Despite being one of the wealthiest women in the United States and one of the most generous individuals in a city blessed with a long procession of altruistic citizens, Miss Buckingham preferred that no credit come to her for the many contributions she made. Later in life she ordered that her name be removed from the Social Register and severely limited her circle of friends.

Miss Buckingham was born on August 3, 1858, the eldest daughter of Ebenezer and Lucy Buckingham, in Zanesville, Ohio. Her mother's father, Solomon Sturges, was responsible for bringing the family to Chicago in the 1850s. At that time the Sturges and Buckingham families controlled a string of grain elevators in Ohio, Pennsylvania and along the Erie Canal. It was sound business sense to move to Chicago and in 1850 Miss Buckingham's great uncle, Alvah Buckingham, constructed the first grain elevator in the city.

Everything that the Buckingham and Sturges families owned was obliterated in the Great Fire of 1871, their homes on the north side of the city, their grain elevators along the river, the first of many tragedies that would become a motif that ran through Miss Buckingham's life.

A second Chicago Fire in 1874 gave rise to one of the earliest examples of Miss Buckingham's generosity. After that second conflagration, the 15-year-old Kate launched a drive to raise funds for a Christmas party to bring some measure of joy to children in the Cook County hospital.

The Tribune describes the effort... "On Christmas eve the Christmas tree, heavily laden with gifts, was set up in the children's ward, and its many candles were lighted. Tragedy swiftly followed. Through some mishap the burning candles started a fire, and the tree and all its Christmas largesse burned down. Bur young Miss Buckingham, nothing deterred, set forth to raise anew money enough for gifts for each child. And did."

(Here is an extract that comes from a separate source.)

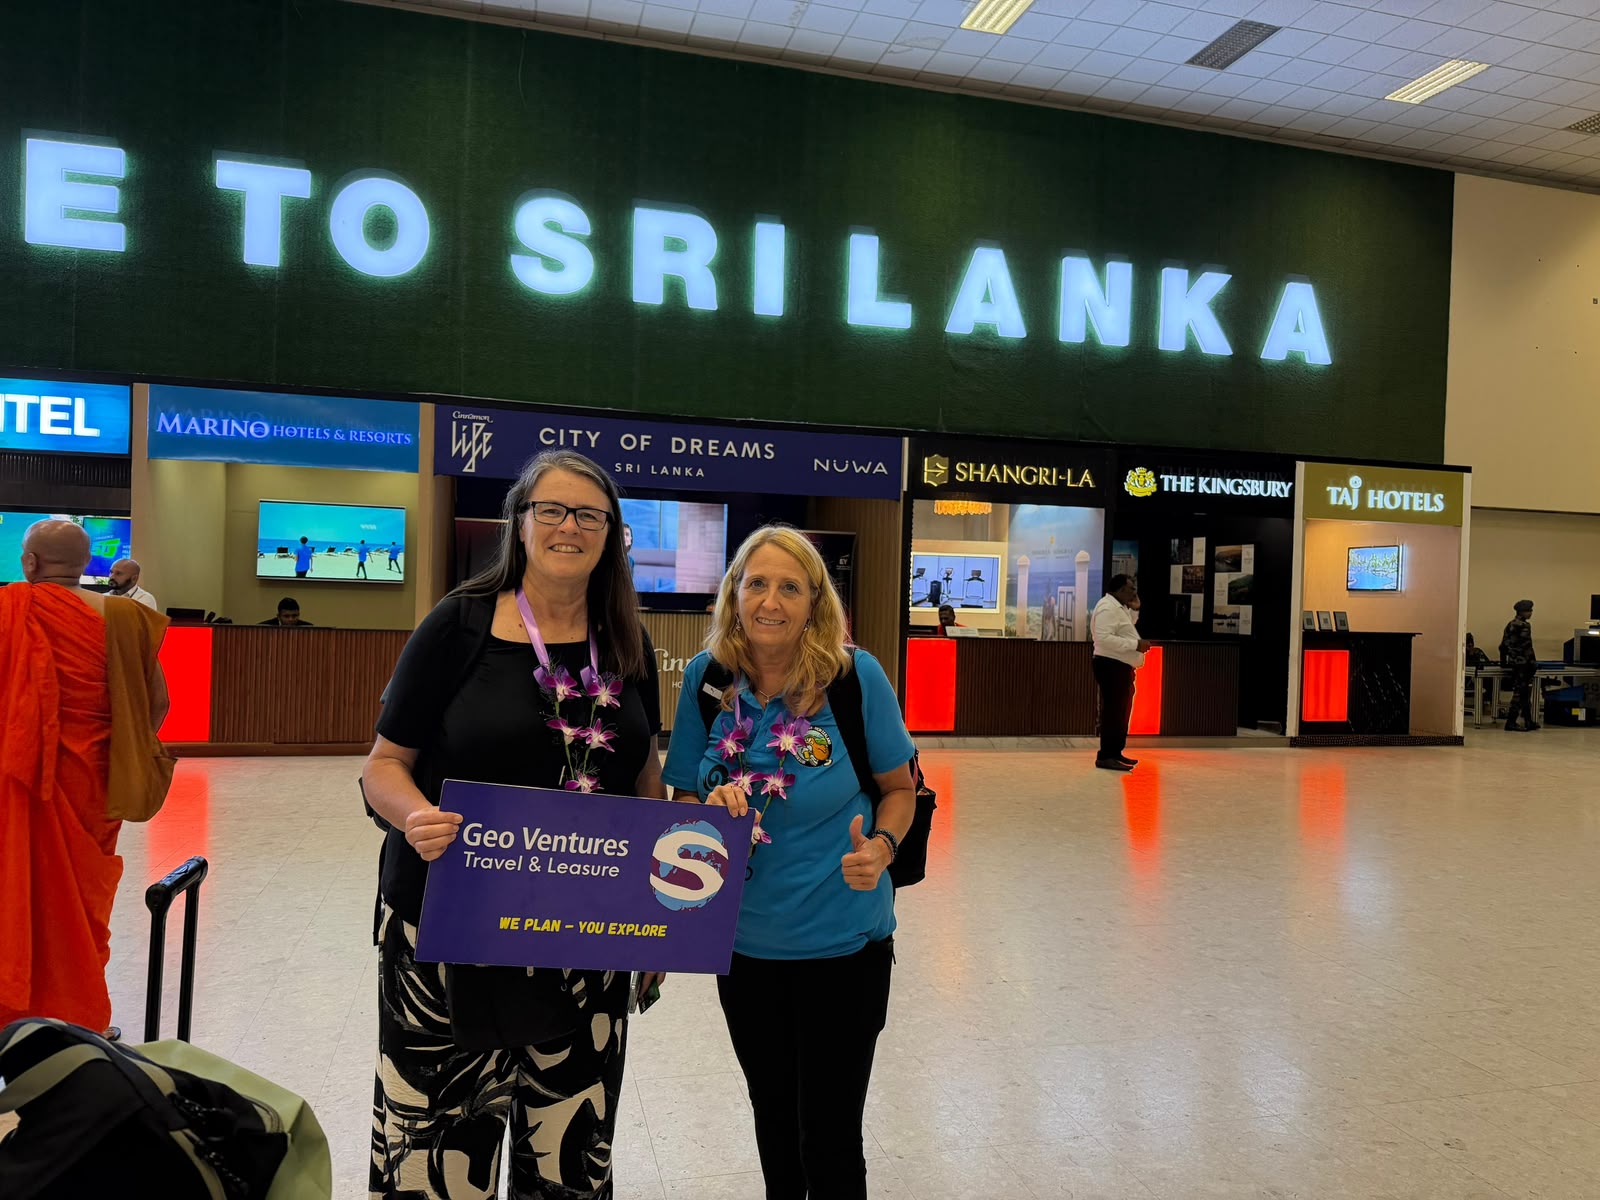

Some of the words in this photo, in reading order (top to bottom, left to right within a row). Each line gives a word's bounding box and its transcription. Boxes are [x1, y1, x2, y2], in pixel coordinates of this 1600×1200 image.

The family relocated their home to Prairie Avenue, the city's most select street, and the family business, J & E Buckingham, prospered beyond measure. In 1882 Miss Buckingham's father also built a grand home in Lake Forest, but despite its location on a bluff above Lake Michigan, the family continued to make its principal home in Chicago.

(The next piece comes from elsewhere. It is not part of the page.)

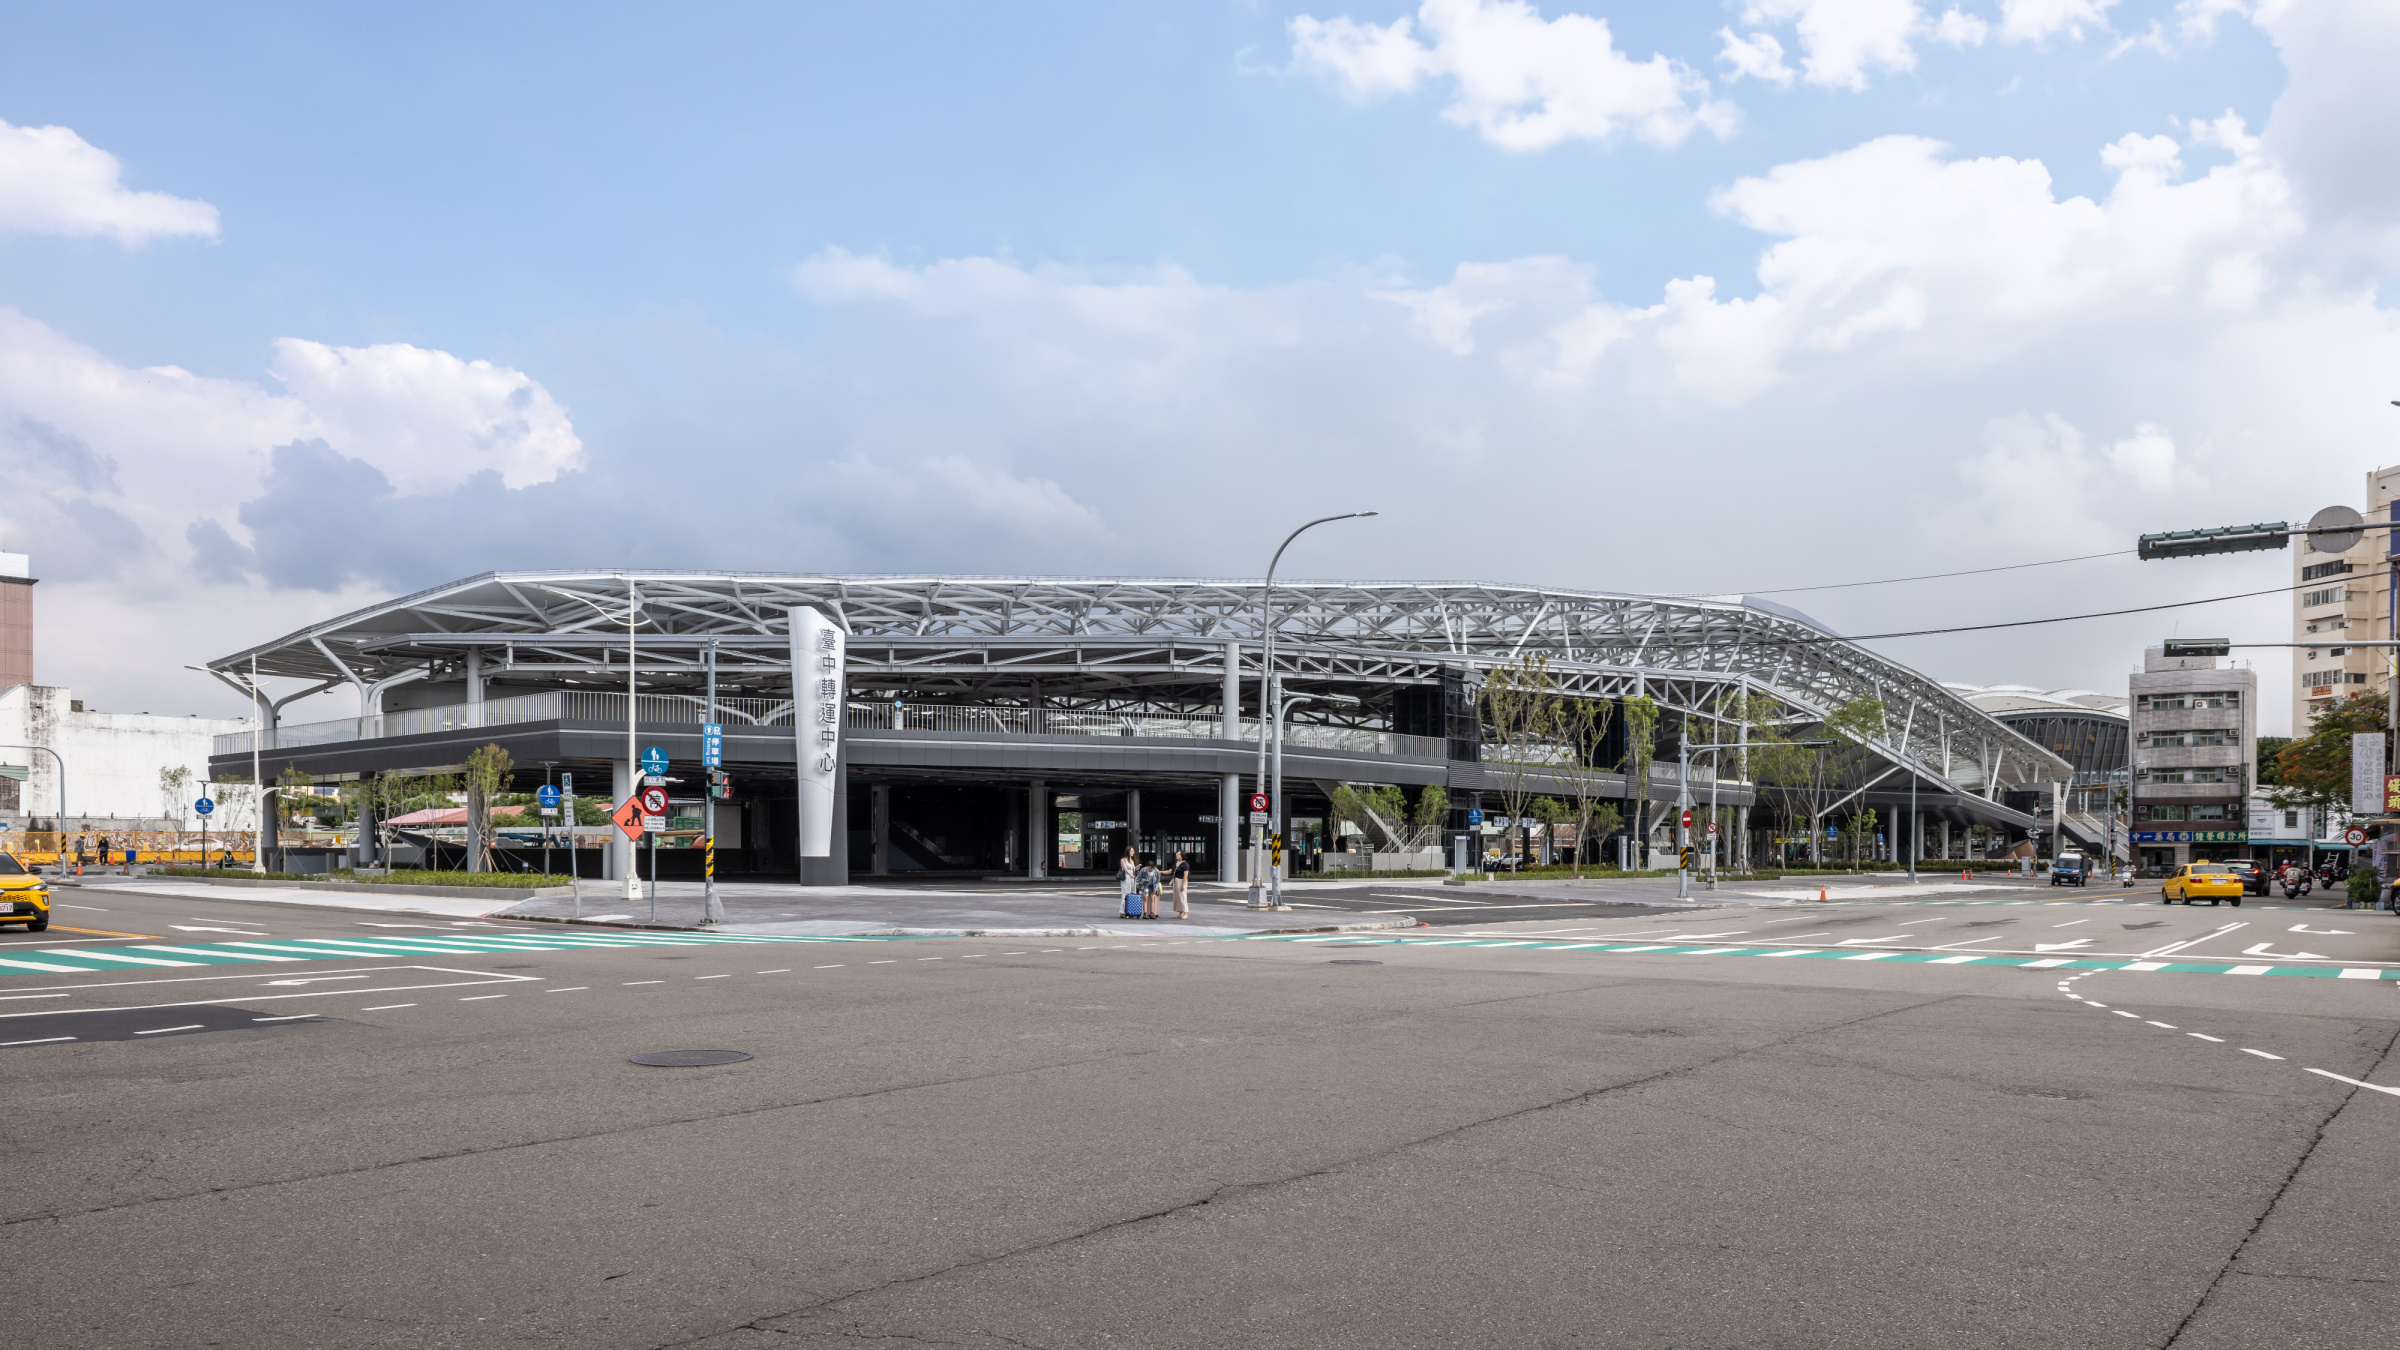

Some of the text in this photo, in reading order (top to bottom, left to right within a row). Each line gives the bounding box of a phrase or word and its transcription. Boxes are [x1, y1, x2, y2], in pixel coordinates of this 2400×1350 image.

[820, 628, 836, 773] 臺中轉運中心
[711, 737, 720, 765] 停車場
[2132, 832, 2175, 842] 中一藥局
[2349, 833, 2362, 841] 30

It was in the Prairie Avenue home that Kate and her sister, Lucy Maud, were educated. It was in this home that Lucy Buckingham died in 1889, and it was there that Kate's sister became increasingly incapacitated. From the house Clarence Buckingham, Kate's brother, and their father expanded the family's enterprises to include banking, insurance, steel manufacture, and real estate.

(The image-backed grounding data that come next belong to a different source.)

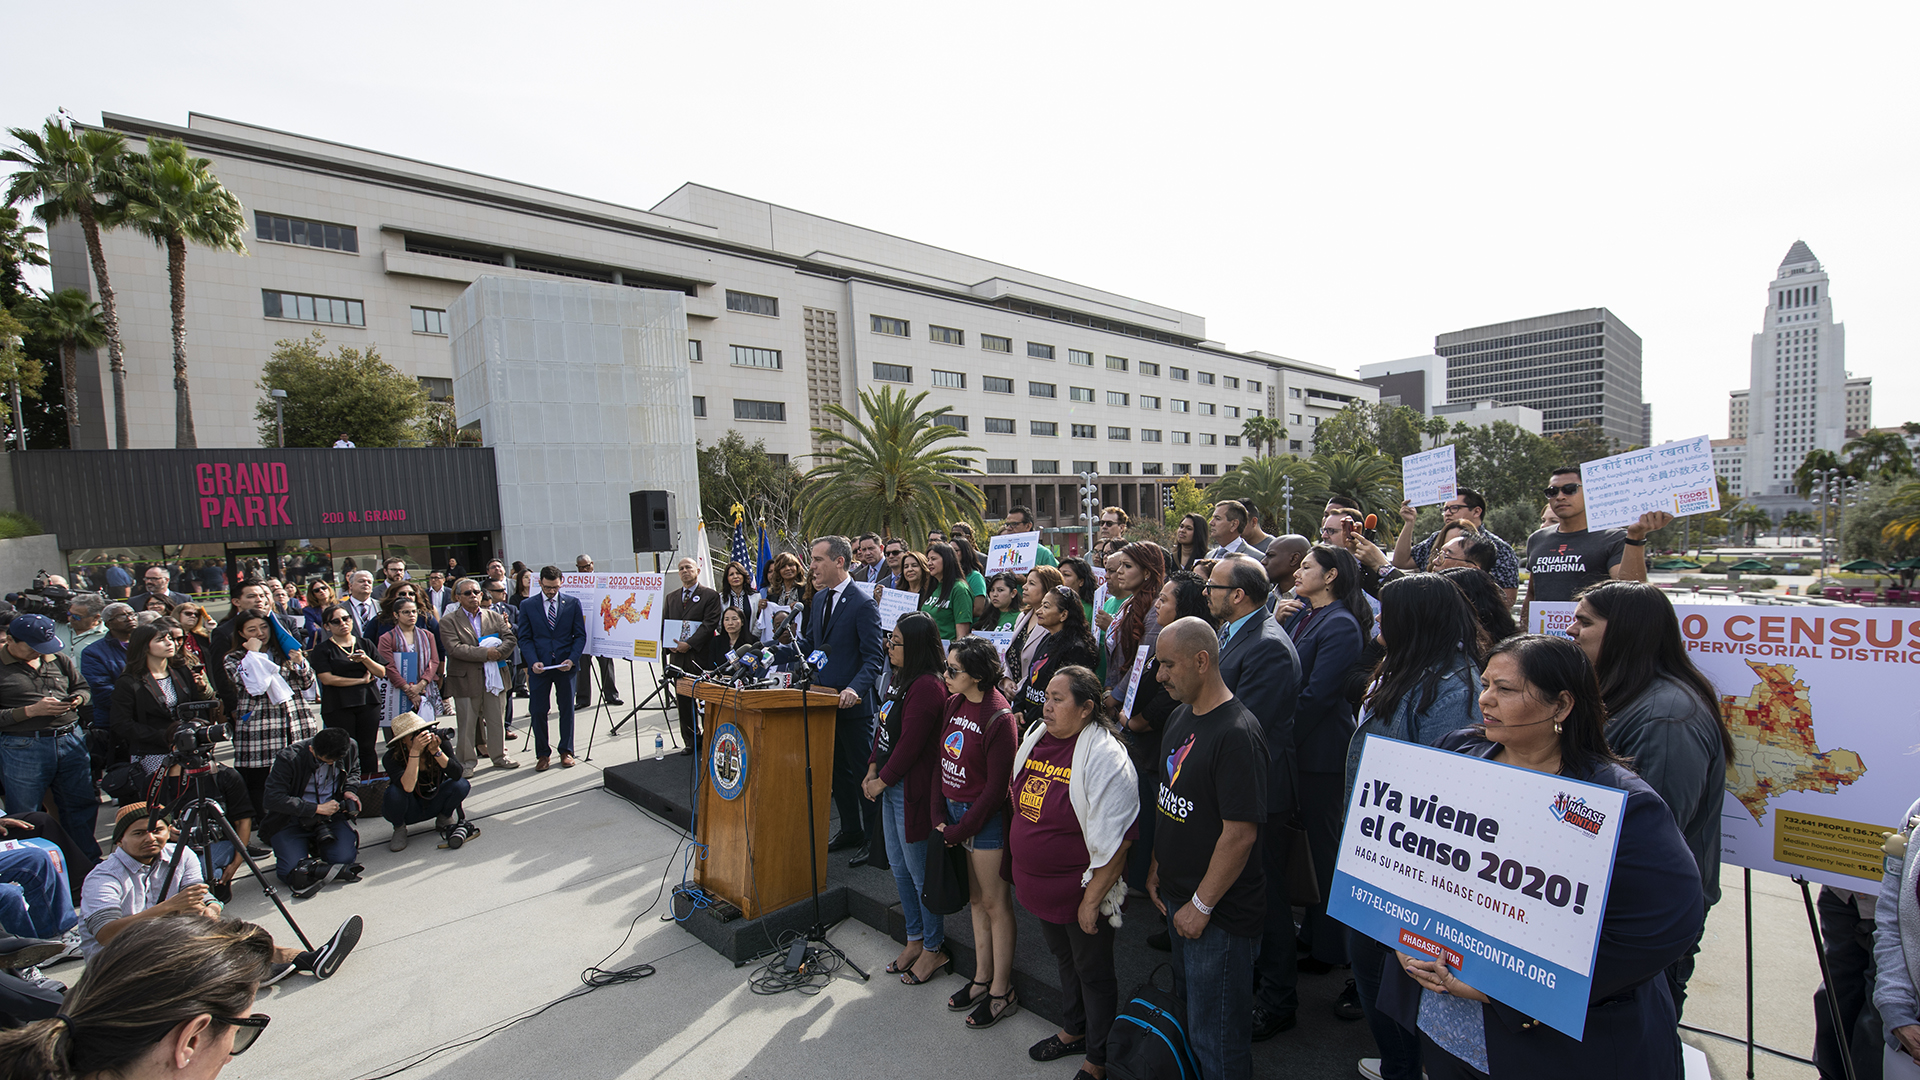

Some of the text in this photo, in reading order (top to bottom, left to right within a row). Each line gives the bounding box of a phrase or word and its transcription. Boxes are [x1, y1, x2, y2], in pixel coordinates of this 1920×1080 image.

[196, 462, 289, 496] GRAND
[1648, 461, 1710, 482] 全員が数える
[1679, 490, 1708, 499] TODOS
[1679, 496, 1708, 504] CUENTAN
[200, 495, 293, 528] PARK
[322, 509, 406, 524] 200 N. GRAND
[1680, 504, 1710, 513] COUNTS
[1532, 563, 1586, 573] CALIFORNIA
[1536, 555, 1582, 565] EQUALITY
[609, 576, 628, 585] 2020
[629, 576, 662, 586] CENSUS
[1685, 641, 1822, 659] PERVISORIAL
[941, 758, 966, 779] CHIRLA
[1359, 779, 1499, 843] ¡Ya viene
[1568, 800, 1605, 825] HÁGASE
[1565, 811, 1600, 834] CONTAR
[1784, 816, 1816, 827] 732,641
[1818, 822, 1851, 833] PEOPLE
[1783, 824, 1835, 838] hard-to-survey
[1837, 833, 1865, 844] Census
[1783, 837, 1881, 860] Median household income:
[1360, 815, 1589, 915] el Censo 2020!
[1783, 850, 1804, 859] Below
[1806, 855, 1834, 866] poverty
[1836, 860, 1856, 868] level:
[1858, 864, 1883, 874] 15.4%
[1355, 846, 1529, 925] HAGA SU PARTE. HÁGASE CONTAR.
[1351, 885, 1420, 926] 1-877-EL-CENSO
[1435, 920, 1557, 990] HAGASECONTAR.ORG

The family's affiliation with the Art Institute began in the 1890s when Clarence, impressed by the Japanese art exhibited at the World's Columbian Exposition of 1893, began collecting Japanese prints. Ebenezer died in 1911, Clarence died just over a year later, and Lucy Maud lingered on in increasingly poorer health until 1920. All the losses must have further isolated Kate, a woman left alone in a house that mother, father, sister and brother had shared for her whole adult life.
She continued to collect art, though, following her brother's lead. Clarence had been a governing member of the Art Institute of Chicago for three decades and a member of the Board of Trustees for a dozen. [Scultz & Hast] After the death of her sister, Kate Buckingham gave her entire collection of Japanese prints, etchings and engravings, Chinese pottery and porcelain, Persian miniatures, Chinese ritual bronzes, Italian silver and English lusterware to the institute. [The Frick Collection.]

She also furnished the Art Institute's Gothic room in the memory of her sister and finished the Jacobean Room at the museum in the name of her parents. In 1925 she also gave her brother's entire collection of fourteen hundred sheets of Japanese prints to the museum.

Miss Buckingham also wrote a check to the Art Institute that was to be used for a great monument to Alexander Hamilton. Of course, her most memorable contribution was the donation that allowed construction of the great [Buckingham] Fountain in Grant Park, dedicated to her brother, along with a $300,000 endowment to provide for its maintenance.
The Buckingham fountain was donated by Kate Buckingham in honor of her brother Clarence in 1927. The fountain was the largest in the world at the time it was built, and is still one of the largest. Edward H. Bennett designed the monument in collaboration with French sculptor Marcel Loyau and engineer Jacques H. Lambert.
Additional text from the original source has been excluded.